Previous studies showed that the export of dissolved and gaseous C with rivers and streams may vary among forest ecosystems. Shibata et al. [9] found that sum of DIC and DOC export by stream water (7.6 g C m−2 yr−1) accounted for only 2% of net ecosystem exchange (NEE) in cool temperate forests of northern Japan, whereas in Canadian boreal forests, C export from surface waters accounted for NEE from 9.5% to 16.4% [10]. In the Amazon, Richey et al. [6] demonstrated that outgassing of CO2 (1.2±0.3 Mg ha−1 yr−1) from rivers and wetlands constituted an important C loss. Also Lloret et al. [8] demonstrated the key role of streams in the C balance of forest catchments in the Amazon Basin. Neu et al. [2] showed that C transported by water comprised about 20% of the total annual C exchange across tropical forest canopies. The roles of surface water in C export vary because of diversity in geographic location, basin-specific soil and vegetation types, catchment topography, climate, and upland-wetland flow paths in forests [4], [7], [11]–[16]. As a result, by ignoring the export of CO2, DOC, DIC, PIC and POC via hydrological pathways, terrestrial C budgets are incomplete and net C sequestration could be overestimated [1].

Surface water and wetland play substantial roles in C balance in the Amazon, the largest tropical forest region in the world [2], [6], [8]. So far, little is known about the importance of C export by headwater streams on the carbon balance of tropical seasonal rain forests (TSRF) at the northern edge of the tropical zone in southwest China (Figure 1). Despite its relatively high latitude, tropical seasonal rain forest has a moist tropical climate due to the influence of the Himalayas. It is unique in terms of forest type, differing from those in the equatorial region of Southeast Asia and has highly diverse and mixed types of floristic compositions due to its unique geographical location between a tropical zone to the south and a subtropical zone to the north [17]. Consequently, the tropical seasonal rain forest in southwest China is an important biogeographic area in Southeast Asia. Tan et al. [18] and Zhang et al. [19] have reported that TSRF in Xishuangbanna (XSBN) is a small net C source. Accounting for TC export with stream water may make the loss of C from TSRF at XSBN even larger than earlier anticipated. In order to clarify the role of C export by headwater streams, a study was therefore undertaken in TSRF at XSBN. The objectives of this study were (1) to ascertain the seasonal dynamics of different C components (DIC, DOC, PIC, POC, TIC, TOC, and TC), and (2) to assess the contribution of stream export to the C balance in this tropical seasonal rainforest ecosystem.

Figure 1

Study site description in Xishuangbanna tropical seasonal rainforest, Southwest China.

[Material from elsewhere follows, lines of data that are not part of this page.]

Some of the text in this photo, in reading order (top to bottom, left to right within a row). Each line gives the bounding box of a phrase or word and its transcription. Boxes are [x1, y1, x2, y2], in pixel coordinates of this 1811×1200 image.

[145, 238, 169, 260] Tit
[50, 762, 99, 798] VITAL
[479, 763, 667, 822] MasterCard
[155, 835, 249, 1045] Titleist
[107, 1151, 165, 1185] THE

(a) Location of the study area (indicated by the black star). (b)The catchment site description was from the Advanced Spaceborne Thermal Emission and Reflection Radiometer (ASTER) Global Digital Elevation Model (GDEM) that is a product of METI and NASA.

Materials and Methods

Ethics Statement

All necessary permits were obtained from Xishuangbanna National Nature Reserve for the described field studies which did not involve endangered or protected species.

Study Site

The study area in XSBN (Dai autonomous prefecture), Yunnan province, China (21.16° N, 101.04° E) (Figure 1), is influenced by the Southwest monsoon and dominated by North Tropical Monsoon weather, with annual average temperature 21.5°C, annual average rainfall 1557 mm and average relative humidity 86%. Based on precipitation data, the rainy season (with 84.1% of the total annual precipitation) [20], [21], is between May and October. The dry season is between November and April.

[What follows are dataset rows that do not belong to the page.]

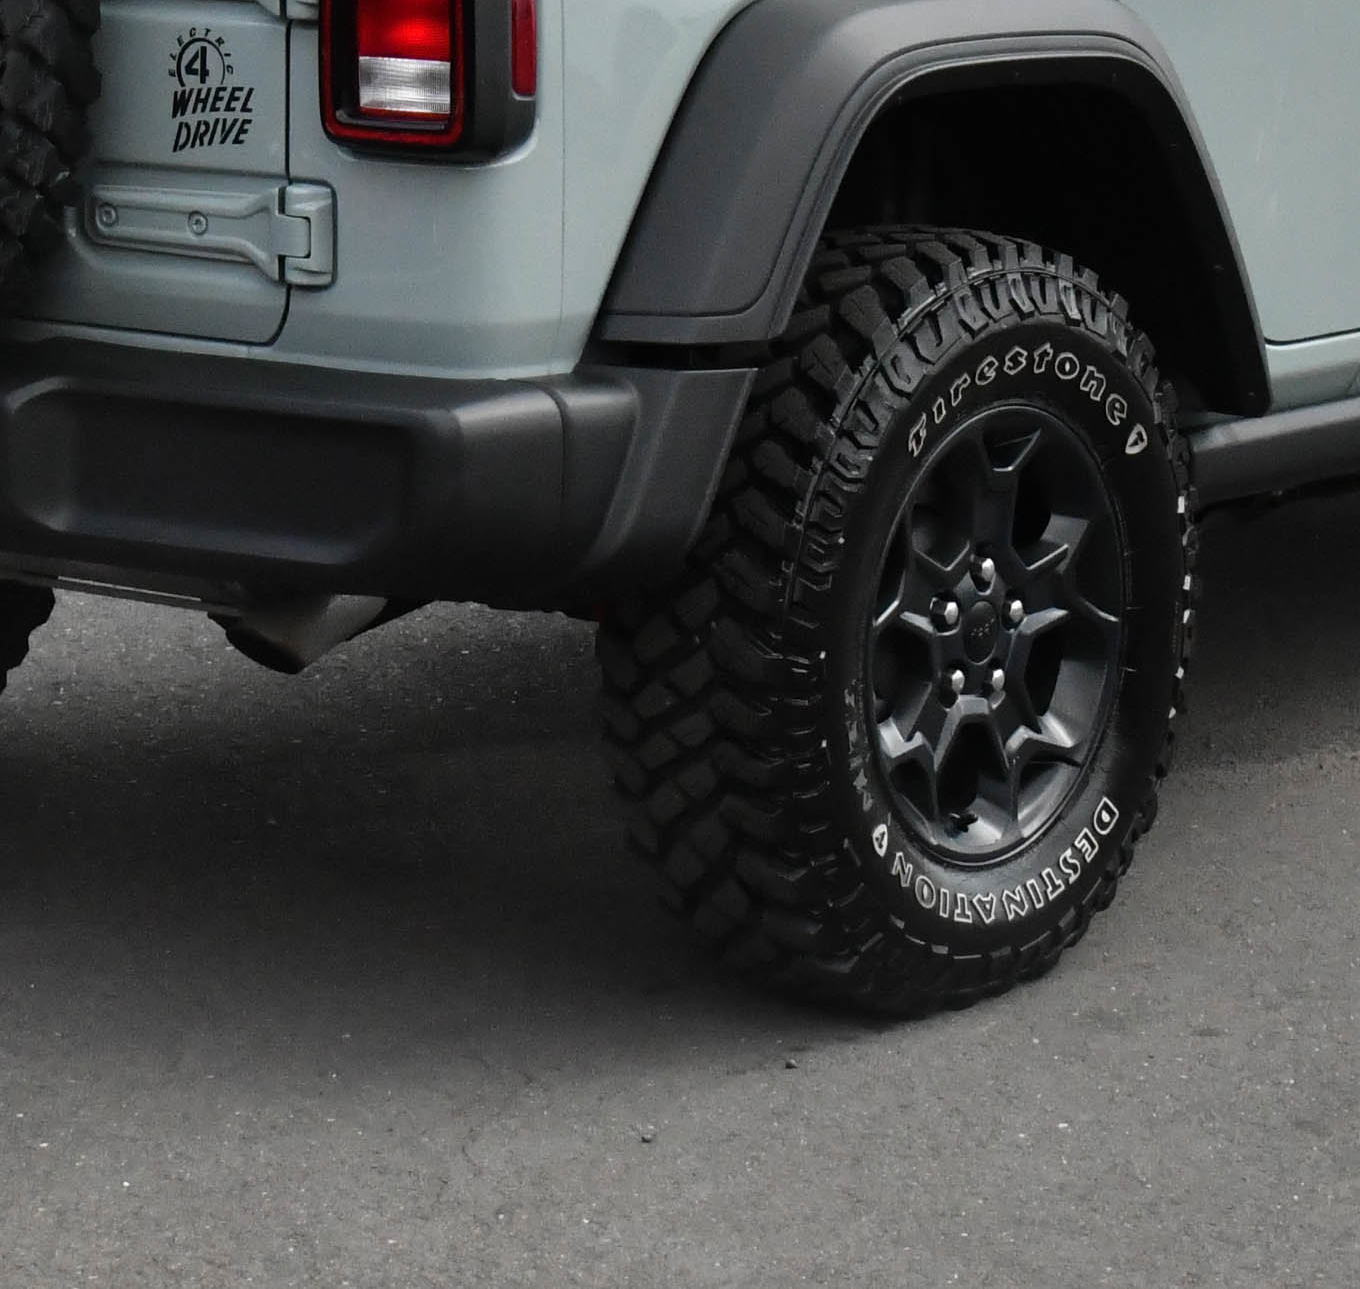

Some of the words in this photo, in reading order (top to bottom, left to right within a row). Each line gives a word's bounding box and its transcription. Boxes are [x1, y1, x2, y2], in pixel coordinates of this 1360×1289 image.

[168, 27, 234, 78] ELECTRIC
[185, 45, 210, 85] 4
[171, 86, 255, 119] WHEEL
[172, 117, 253, 153] DRIVE
[907, 340, 1129, 459] Firestone
[890, 795, 1121, 925] DESTINATION

The experimental site is located in the centre of the National Forest Reserve in Menglun, Mengla County, Yunnan province, with relatively little human disturbance. The dominant trees are Terminalia myriocarpa and Pometia tomentosa, which is typical of tropical forest [17]. The total catchment area is 23.4 ha, the slope is 12°∼18°, and the soil type is oxisol formed from Cretaceous yellow sandstone with a pH value of 4.5∼5.5 and a clay content of 19.5%∼29.5% [22].

Experimental Set-up

Hydrological observations

At the watershed outlet, a 90° V-notch weir instrumented with a water-level recorder was installed. The recorder was set to take averaged discharge measurements at 5-min intervals. Daily and monthly discharges were calculated separately from the stream-height data, as follows:

Where Q = discharge (m3/s); H = water head (m); R = runoff (mm); T = time (s); and F = catchment area (km2). Stream water temperature (SWT) was recorded at the mid-point of stream depth near the stream outlet. Measurements were made every half hour and stored in a data logger.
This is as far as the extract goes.